▶ [Work to be completed]
Pictures aside, write out every record exactly as it appears.

▶ [Task input]
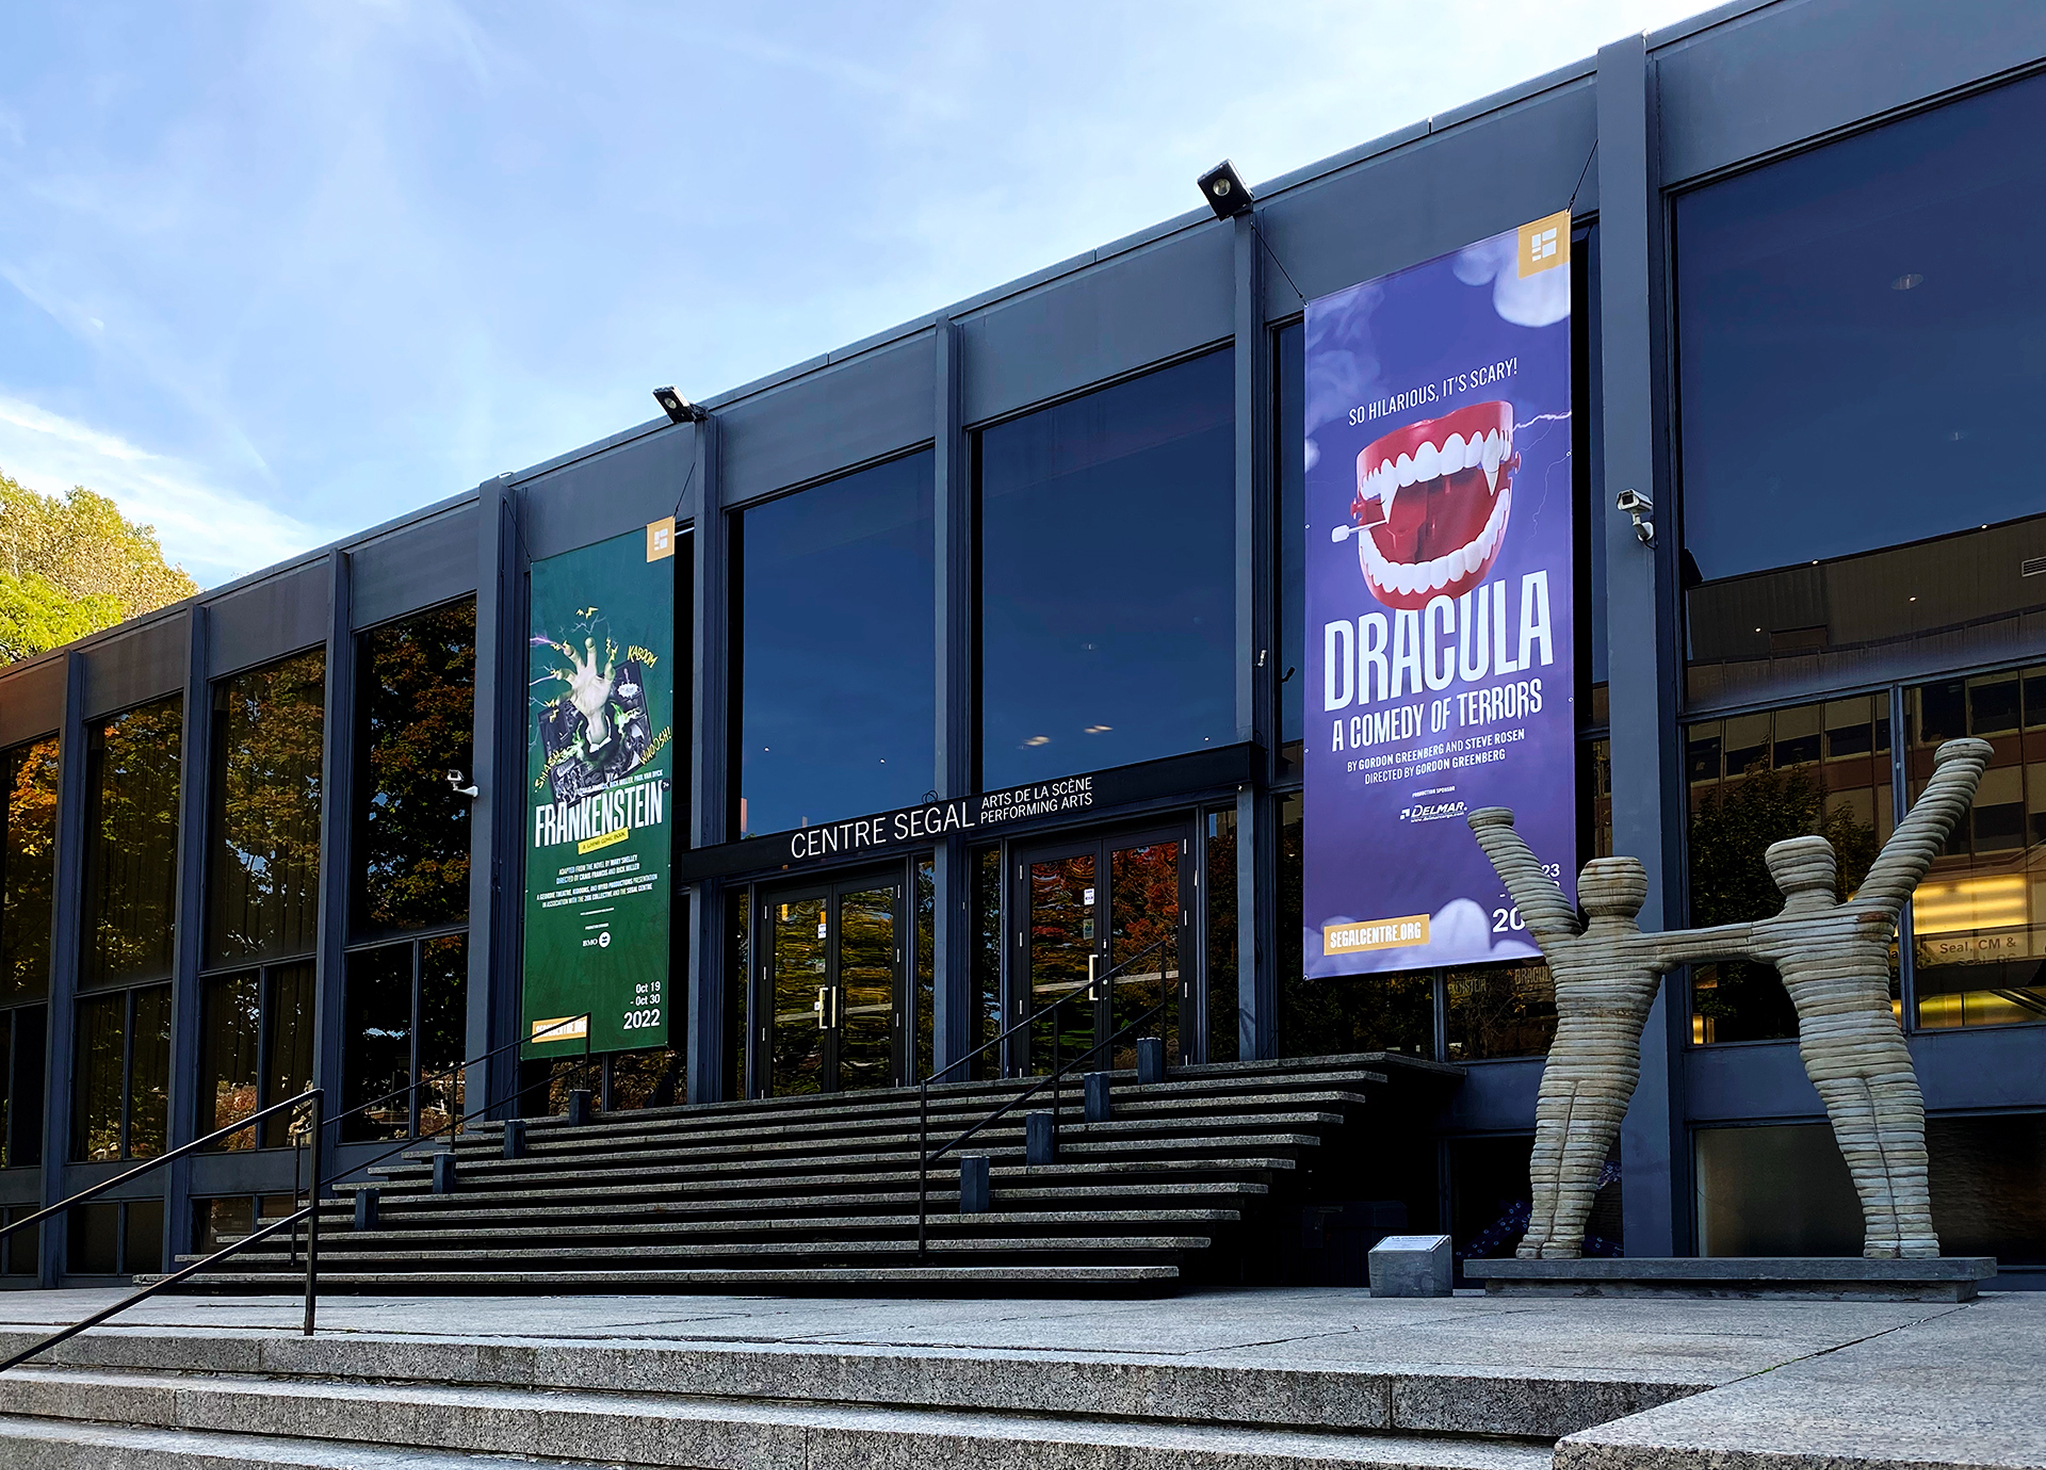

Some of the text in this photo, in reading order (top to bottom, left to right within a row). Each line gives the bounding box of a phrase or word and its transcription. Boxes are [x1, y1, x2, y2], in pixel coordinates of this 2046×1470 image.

[1349, 357, 1517, 426] SO HILARIOUS, IT'S SCARY!
[627, 645, 658, 668] KABOOM
[1324, 570, 1554, 712] DRACULA
[1332, 678, 1542, 752] A COMEDY OF TERRORS
[1347, 728, 1524, 772] BY GORDON GREENBERG AND STEVE ROSEN
[1365, 749, 1505, 785] DIRECTED BY GORDON GREENBERG
[980, 792, 1093, 824] PERFORMING ARTS
[981, 776, 1092, 809] ARTS DE LA SCÈNE
[535, 780, 662, 847] FRANKENSTEIN
[791, 801, 975, 858] CENTRE SEGAL
[1330, 922, 1421, 949] SEGALCENTRE.ORG
[1492, 907, 1526, 932] 20
[1978, 939, 2000, 950] CM
[2006, 937, 2016, 948] &
[635, 981, 661, 994] Oct 19
[635, 995, 648, 1006] Oct
[650, 993, 661, 1004] 30
[623, 1008, 661, 1030] 2022

▶ [Response area]
Some of the text in this photo, in reading order (top to bottom, left to right within a row). Each line gives the bounding box of a phrase or word and its transcription. Boxes are [x1, y1, x2, y2], in pixel coordinates of this 2046×1470 image.

[1349, 357, 1517, 426] SO HILARIOUS, IT'S SCARY!
[627, 645, 658, 668] KABOOM
[1324, 570, 1554, 712] DRACULA
[1332, 678, 1542, 752] A COMEDY OF TERRORS
[1347, 728, 1524, 772] BY GORDON GREENBERG AND STEVE ROSEN
[1365, 749, 1505, 785] DIRECTED BY GORDON GREENBERG
[980, 792, 1093, 824] PERFORMING ARTS
[981, 776, 1092, 809] ARTS DE LA SCÈNE
[535, 780, 662, 847] FRANKENSTEIN
[791, 801, 975, 858] CENTRE SEGAL
[1330, 922, 1421, 949] SEGALCENTRE.ORG
[1492, 907, 1526, 932] 20
[1978, 939, 2000, 950] CM
[2006, 937, 2016, 948] &
[635, 981, 661, 994] Oct 19
[635, 995, 648, 1006] Oct
[650, 993, 661, 1004] 30
[623, 1008, 661, 1030] 2022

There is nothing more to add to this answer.